Maja hatte uns alles erzählt, was ich unbedingt wissen wollte. Ihre Erzählung hatte mich in gewisser Weise schockiert und doch, irgendwo in meinem Herz auch berührt.
Wobei ich mir nicht ganz sicher sein konnte, ob ich es alles wirklich so ablief, wie Maja es uns erzählt hatte. Ich könnte mir einfach nicht vorstellen, dass Vincent so ein... so ein Arsch war und seine Beziehung für jemanden beendete, den er nicht einmal wirklich gut kannte. Fakt war jedoch, dass Vincent wusste wer ich war und er hatte mich gefunden. Und sicherlich würde er mir nun auch den Grund nennen, warum er sich nicht bei mir gemeldet hatte. Kaum vorstellbar was gewesen wäre, wenn ich mich nicht erinnert hätte. Wenn ich nicht auf dieses Konzert gegangen wäre und es nicht geschafft hätte seine Aufmerksamkeit zu bekommen.
Dann würde er in weiter Ferne von mir schwärmen und ich wüsste nicht einmal das er existierte. Ziemlich traurig und bitter, wenn ich mir das so durch den Kopf gehen lasse.
Die trüben und finsteren Gedanken schob ich schnell beiseite, als das Taxi schließlich vor dem Wohnkomplex stand. Ich steckte dem Fahrer das Geld zu und verließ mit den Mädels das Taxi.
Leichte Tropfen fielen vom Himmel und wir beeilten uns schnell nach drinnen zu kommen, bevor es noch doller anfing zu regnen.
Leise schloss ich die Tür auf, da ich mir nicht sicher war, ob Dag eventuell schon schlief.
Doch als mir von drinnen der Geruch von Schnaps und Gras entgegen kam, wusste ich, dass der gute Mann noch nicht am Schlafen war - im Gegenteil:
nachdem wir drei die Wohnung betreten hatten, hörten wir aus dem Wohnzimmer lautes Gerede und Musik, die nebenbei lief.
Wir Mädels steckten nach und nach die Köpfe ins Wohnzimmer und entdeckten dort Dag und Vincent in einem angeregten Gespräch. Sie hatten nicht einmal mitbekommen, dass wir in der Tür standen.

"Dicker, das ist doch ganz einfach. Du setzt den Ton einfach ne Stufe höher und dann passt das schon! Nicht verzweifeln, einfach Dag fragen.", lachte der Berliner und klopfte seinem Kumpel auf die Schulter.
"Hört ihr denn niemals auf über die Arbeit zu reden?", fragte ich laut in den Raum hinein, sodass ich mir sicher war, sie konnten mich hören.
Beide drehten ruckartig ihre Köpfe zu uns um und grinsten uns an.
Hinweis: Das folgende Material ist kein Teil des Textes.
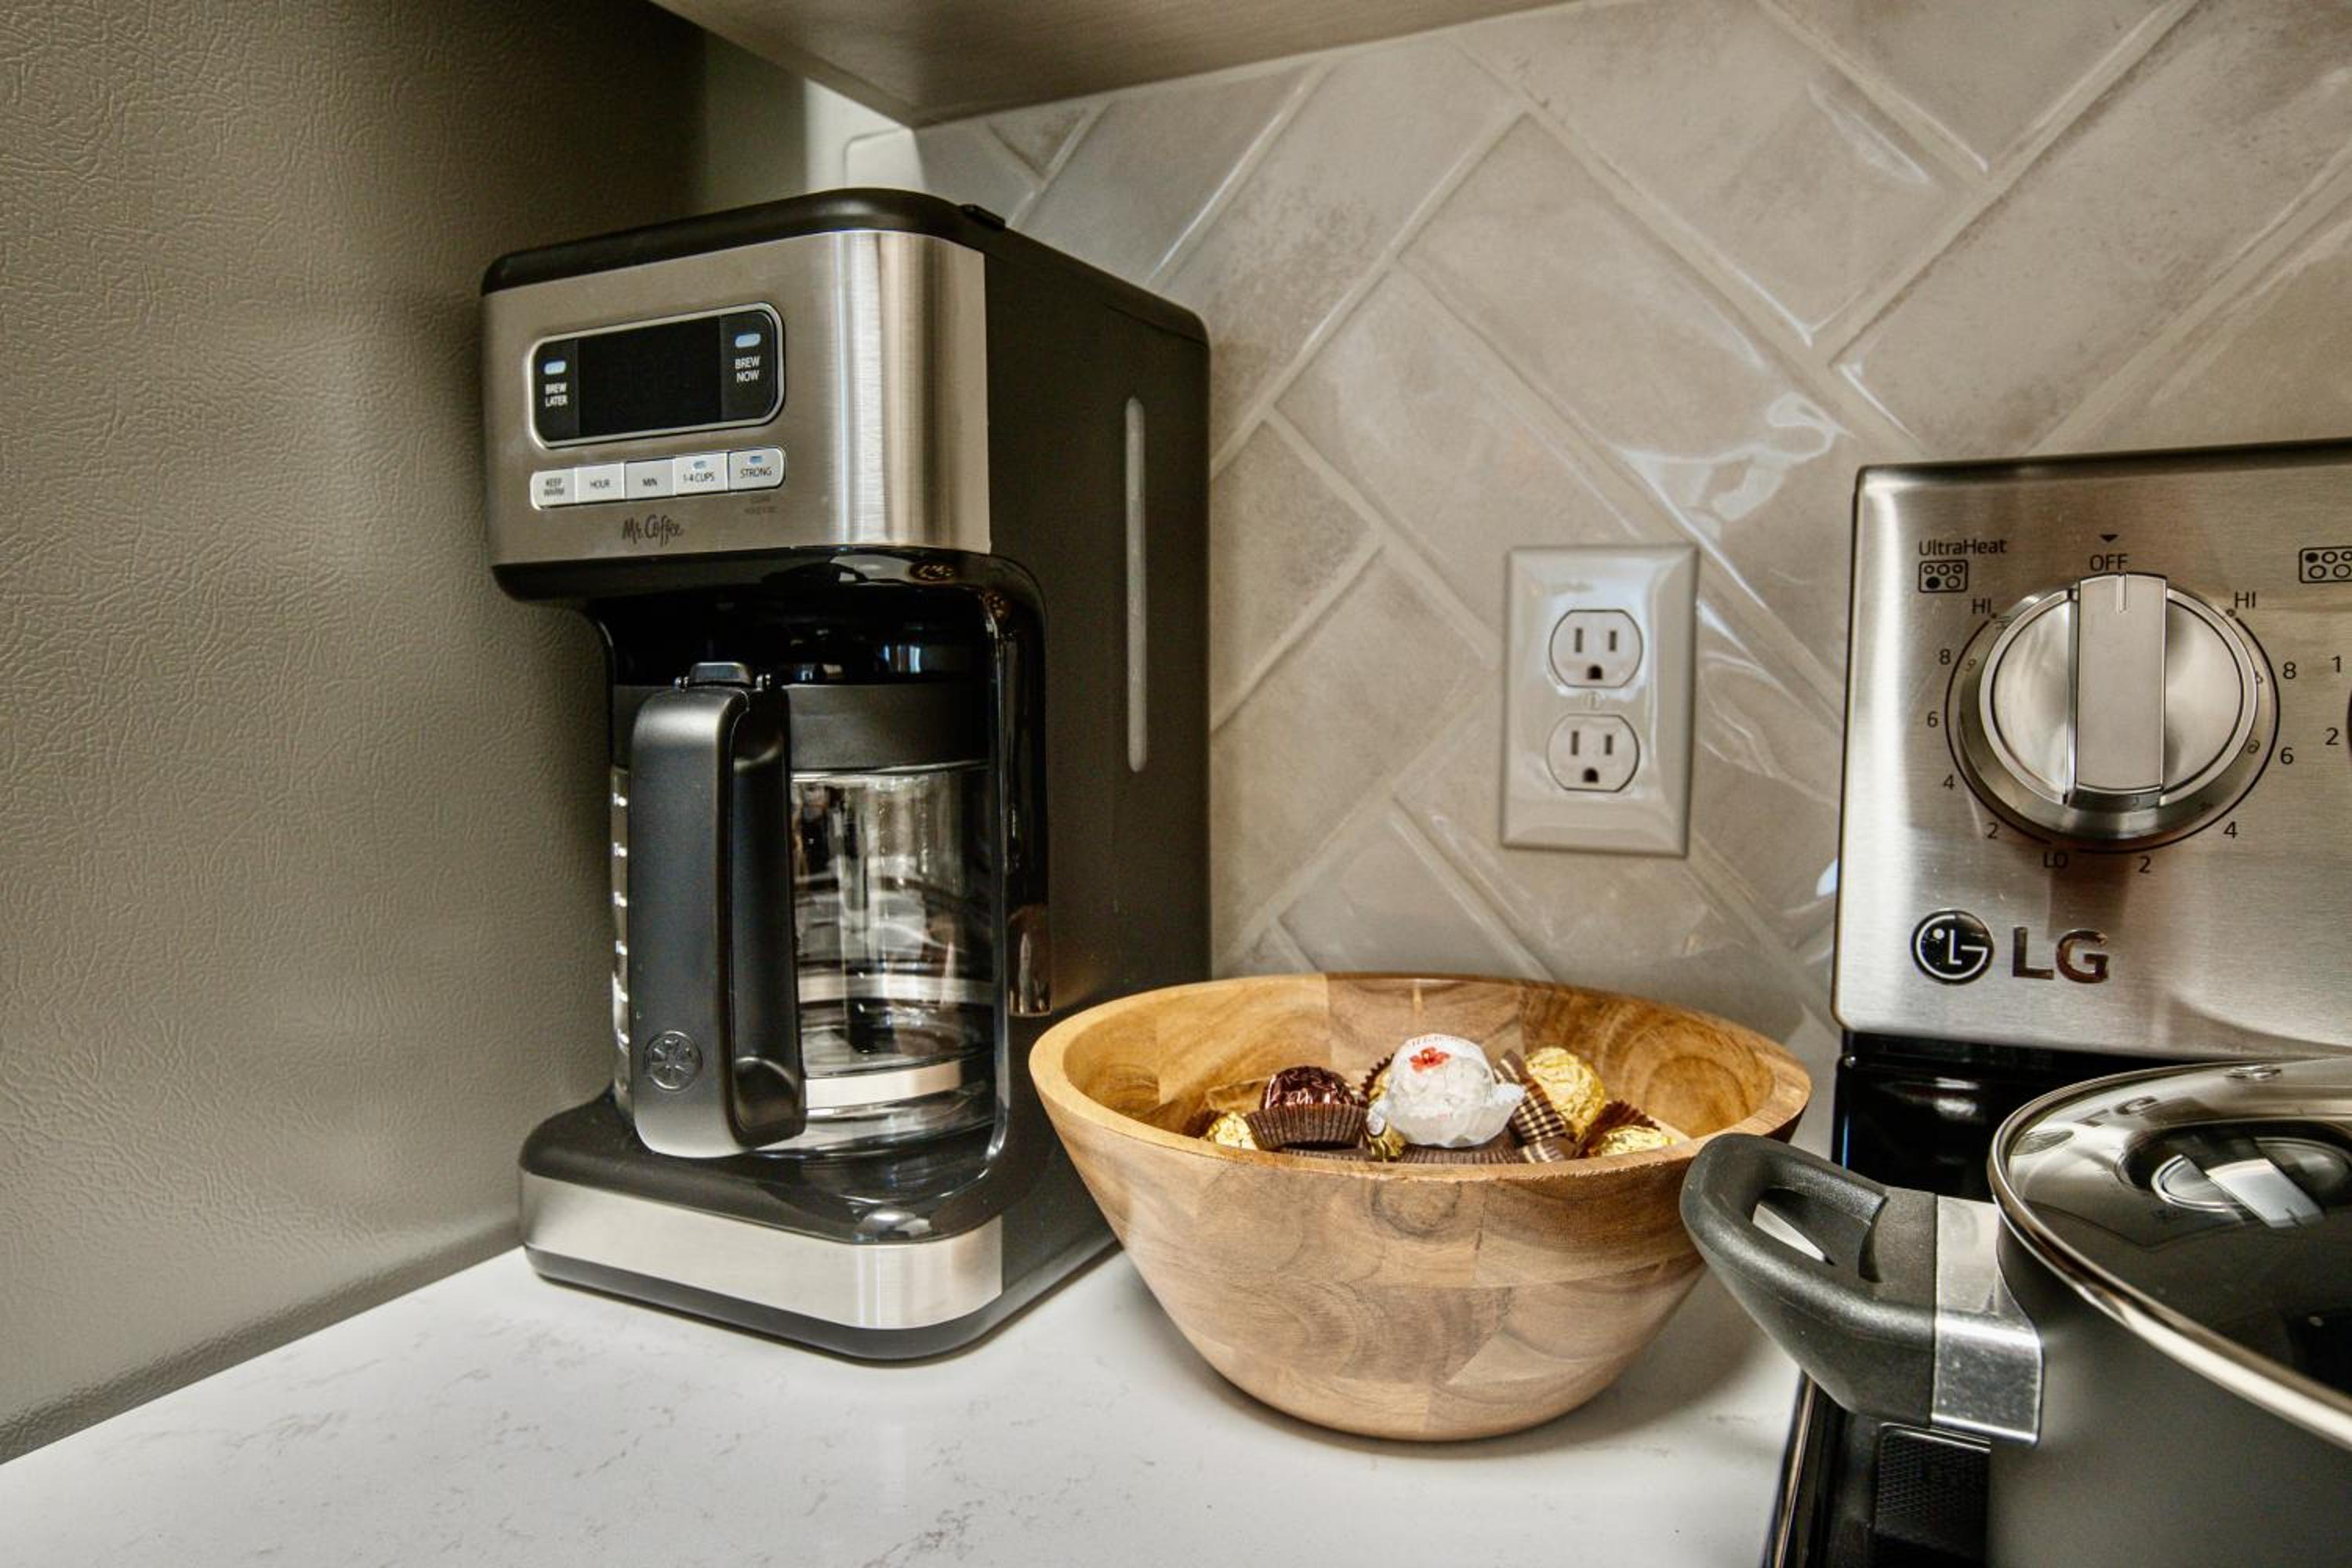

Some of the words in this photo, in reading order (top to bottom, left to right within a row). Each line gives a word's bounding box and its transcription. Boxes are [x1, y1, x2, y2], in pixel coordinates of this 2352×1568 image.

[735, 355, 760, 369] BREW
[737, 369, 760, 383] NOW
[545, 383, 567, 395] BREW
[545, 394, 568, 408] LATER
[695, 470, 715, 483] CUPS
[739, 466, 772, 479] STRONG
[590, 478, 611, 489] HOUR
[642, 477, 658, 487] MIN
[644, 514, 685, 547] Coffee
[1918, 538, 2008, 557] UltraHeat
[2089, 553, 2129, 572] OFF
[1972, 597, 1992, 615] HI
[2234, 591, 2256, 609] HI
[1939, 648, 1951, 666] 8
[2332, 655, 2343, 673] 1
[2282, 661, 2297, 680] 8
[1926, 710, 1939, 728] 6
[2325, 727, 2339, 746] 2
[2279, 746, 2295, 765] 6
[1943, 773, 1955, 790] 4
[1987, 822, 1998, 840] 2
[2223, 821, 2238, 839] 4
[2043, 851, 2069, 869] LO
[2138, 855, 2151, 874] 2
[2013, 926, 2109, 984] LG
"Ihr seid aber früh wieder da.", bemerkte Vincent mit einem Blick auf die Uhr.
"Äh ja... also uns hatte das dort nicht so gefallen und..."
"...und daher wollten wir wieder zurück und lieber hier noch etwas sitzen und quatschen.", beendete Franzi den Satz von Jana.
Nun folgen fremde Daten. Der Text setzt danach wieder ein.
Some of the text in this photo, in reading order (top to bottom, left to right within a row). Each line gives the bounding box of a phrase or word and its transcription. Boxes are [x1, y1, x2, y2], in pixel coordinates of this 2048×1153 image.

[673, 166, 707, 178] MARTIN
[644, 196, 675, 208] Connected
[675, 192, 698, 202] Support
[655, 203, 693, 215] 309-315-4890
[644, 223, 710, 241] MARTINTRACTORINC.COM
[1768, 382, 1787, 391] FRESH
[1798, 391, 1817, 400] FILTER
"Genau so war's.", unterstrich ich noch einmal die Aussage der beiden und setzte ein Grinsen auf.
Die beiden Berliner schienen einen kurzen Blickaustausch vollzogen zu haben, ehe sie uns mit einer Handbewegung einluden ihnen Gesellschaft zu leisten.
"Lieb gemeint, aber ich für meinen Teil bin durch für heute. Ich werde mich hinlegen.", sagte ich.
"Habt ihr nicht gerade noch gesagt, ihr seid extra zurück gekommen, um hier noch etwas zu sitzen und zu quatschen?" Dag sah mich mit einer hochgezogenen Augenbraue an und ich warf ihm als Antwort einen bösen Blick zu - wieso konnte er nicht leise sein?
"Was habt ihr denn schönes zu trinken, hm?" Jana versuchte die Aufmerksamkeit auf sich zu lenken, sodass ich mich heimlich aus dem Staub machen konnte.
Ich zog mir die Schuhe aus, stellte sie ordentlich weg und huschte dann schnell Richtung Schlafzimmer.
Kurz bevor ich den Griff der Tür erreicht hatte, spürte ich, wie jemand nun direkt hinter mir stand.

"Ich hab ne Nachricht gekriegt, von Maja."
"Ach wirklich?", fragte ich und versuchte dabei so unauffällig wie möglich zu klingen.
"Willst du nicht wissen, was sie mir geschrieben hat?" Ich drehte mich um und blickte direkt in Vincents fragendes Gesicht.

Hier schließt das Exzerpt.